- [The task]: Print back each record unchanged, without pictures.

- [Records provided]:
====

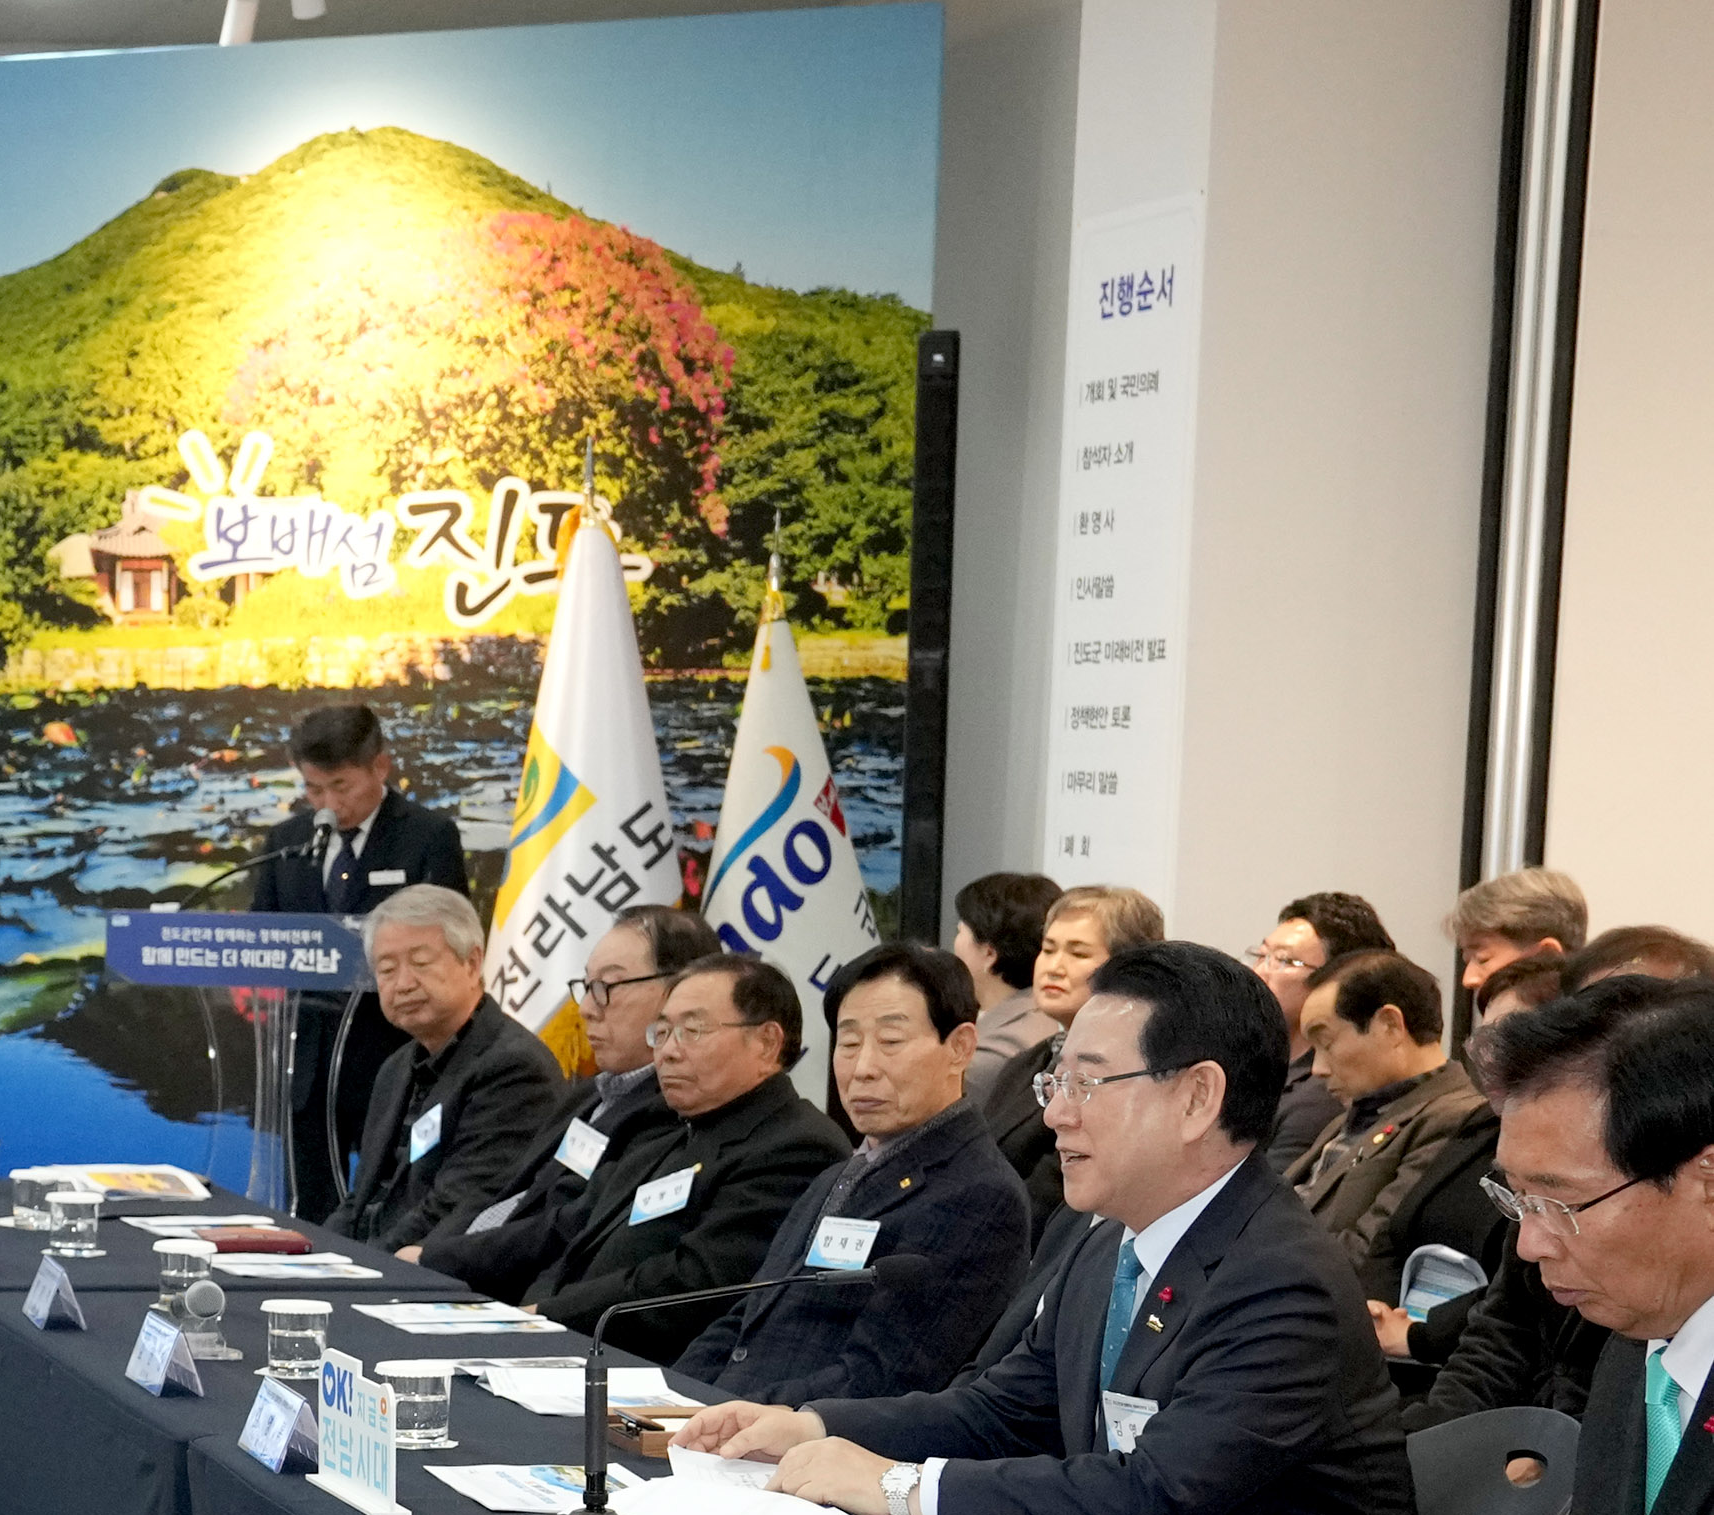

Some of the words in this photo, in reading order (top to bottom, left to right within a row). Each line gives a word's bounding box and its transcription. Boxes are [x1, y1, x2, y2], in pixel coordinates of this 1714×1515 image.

[1099, 264, 1175, 320] 진행순서
[1085, 377, 1105, 403] 개회
[1107, 376, 1117, 401] 및
[1120, 369, 1159, 398] 국민의례
[1081, 443, 1111, 471] 참석자
[1114, 441, 1134, 465] 소개
[199, 503, 386, 589] 보배섬
[1075, 575, 1115, 600] 인사말씀
[1073, 641, 1101, 665] 진도군
[1105, 639, 1144, 664] 미래비전
[1147, 638, 1167, 662] 발표
[1111, 705, 1132, 729] 토론
[1066, 771, 1096, 795] 마무리
[1098, 771, 1118, 795] 말씀
[490, 800, 675, 1014] 전라남도
[214, 926, 256, 943] 함께하는
[141, 945, 173, 966] 함께
[175, 946, 220, 968] 만드는
[223, 948, 237, 968] 더
[240, 948, 287, 969] 위대한
[289, 948, 342, 974] 전남
[323, 1361, 354, 1418] OK!
[357, 1392, 389, 1433] 지금은
[323, 1416, 388, 1497] 전남시대

====

- [Task response]:
Some of the words in this photo, in reading order (top to bottom, left to right within a row). Each line gives a word's bounding box and its transcription. Boxes are [x1, y1, x2, y2], in pixel coordinates of this 1714×1515 image.

[1099, 264, 1175, 320] 진행순서
[1085, 377, 1105, 403] 개회
[1107, 376, 1117, 401] 및
[1120, 369, 1159, 398] 국민의례
[1081, 443, 1111, 471] 참석자
[1114, 441, 1134, 465] 소개
[199, 503, 386, 589] 보배섬
[1075, 575, 1115, 600] 인사말씀
[1073, 641, 1101, 665] 진도군
[1105, 639, 1144, 664] 미래비전
[1147, 638, 1167, 662] 발표
[1111, 705, 1132, 729] 토론
[1066, 771, 1096, 795] 마무리
[1098, 771, 1118, 795] 말씀
[490, 800, 675, 1014] 전라남도
[214, 926, 256, 943] 함께하는
[141, 945, 173, 966] 함께
[175, 946, 220, 968] 만드는
[223, 948, 237, 968] 더
[240, 948, 287, 969] 위대한
[289, 948, 342, 974] 전남
[323, 1361, 354, 1418] OK!
[357, 1392, 389, 1433] 지금은
[323, 1416, 388, 1497] 전남시대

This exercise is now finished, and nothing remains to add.